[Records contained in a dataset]
· · ·

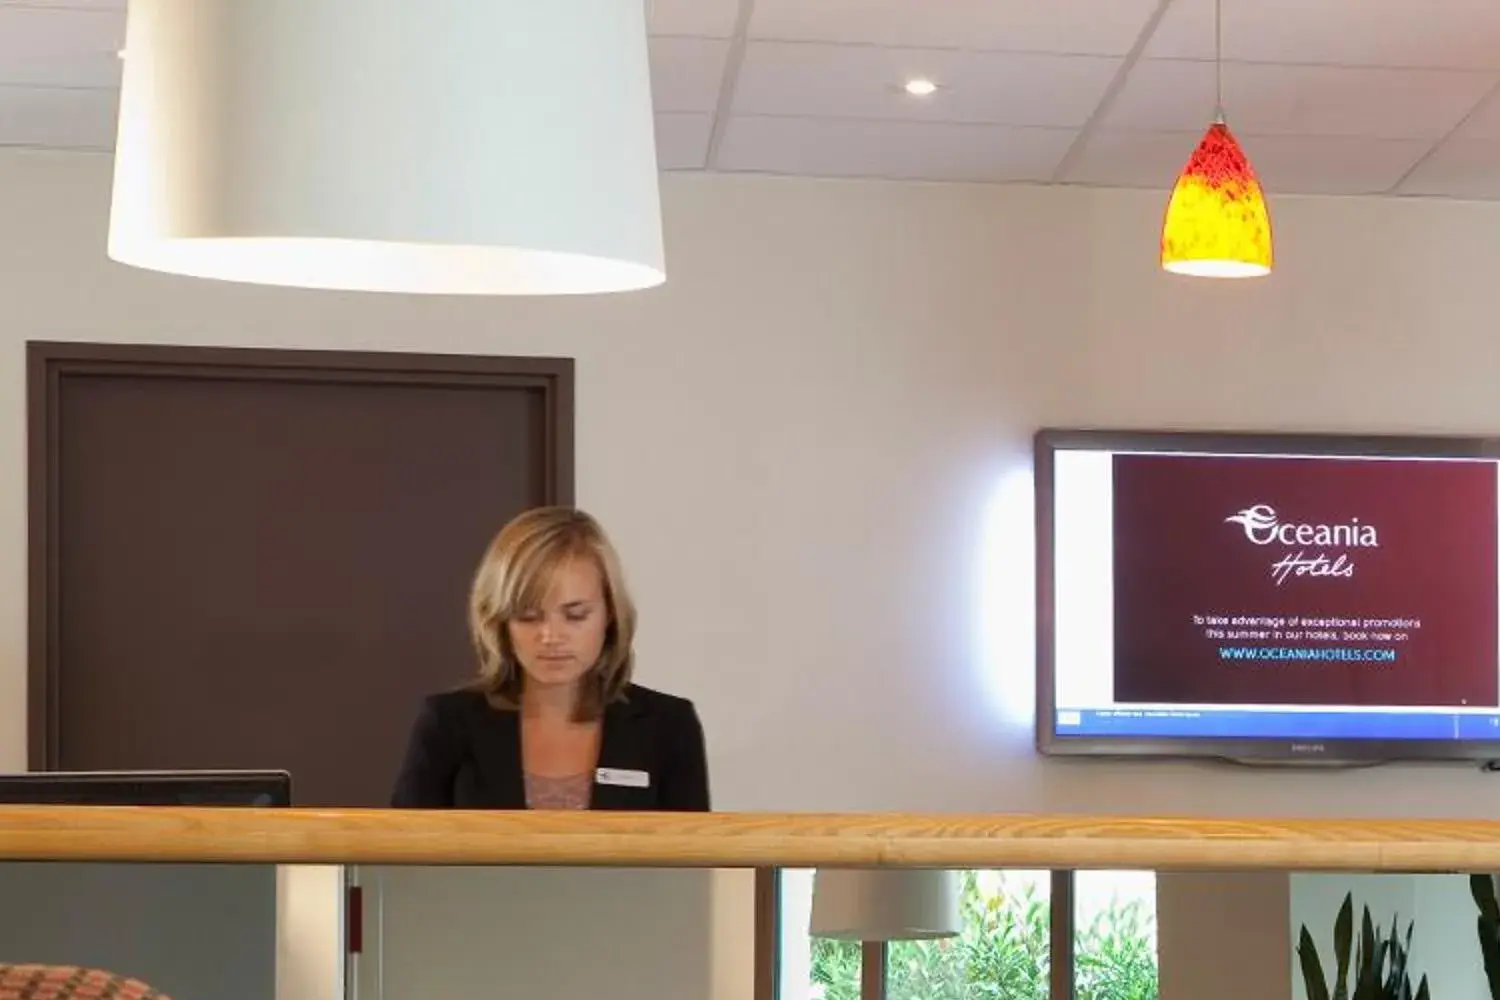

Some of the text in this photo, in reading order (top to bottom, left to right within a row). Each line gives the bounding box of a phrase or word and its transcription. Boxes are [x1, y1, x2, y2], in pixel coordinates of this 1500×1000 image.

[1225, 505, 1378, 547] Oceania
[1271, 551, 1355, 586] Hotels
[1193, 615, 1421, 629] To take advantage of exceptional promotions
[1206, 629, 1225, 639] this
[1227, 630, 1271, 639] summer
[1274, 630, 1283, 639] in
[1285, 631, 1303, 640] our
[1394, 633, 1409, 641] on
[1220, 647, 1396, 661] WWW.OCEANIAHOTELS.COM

· · ·

> [TASK GOAL]: The records above are to be reproduced exactly; the pictures are to be left out.

> [SOLUTION TO THE PROBLEM]:
Some of the text in this photo, in reading order (top to bottom, left to right within a row). Each line gives the bounding box of a phrase or word and its transcription. Boxes are [x1, y1, x2, y2], in pixel coordinates of this 1500×1000 image.

[1225, 505, 1378, 547] Oceania
[1271, 551, 1355, 586] Hotels
[1193, 615, 1421, 629] To take advantage of exceptional promotions
[1206, 629, 1225, 639] this
[1227, 630, 1271, 639] summer
[1274, 630, 1283, 639] in
[1285, 631, 1303, 640] our
[1394, 633, 1409, 641] on
[1220, 647, 1396, 661] WWW.OCEANIAHOTELS.COM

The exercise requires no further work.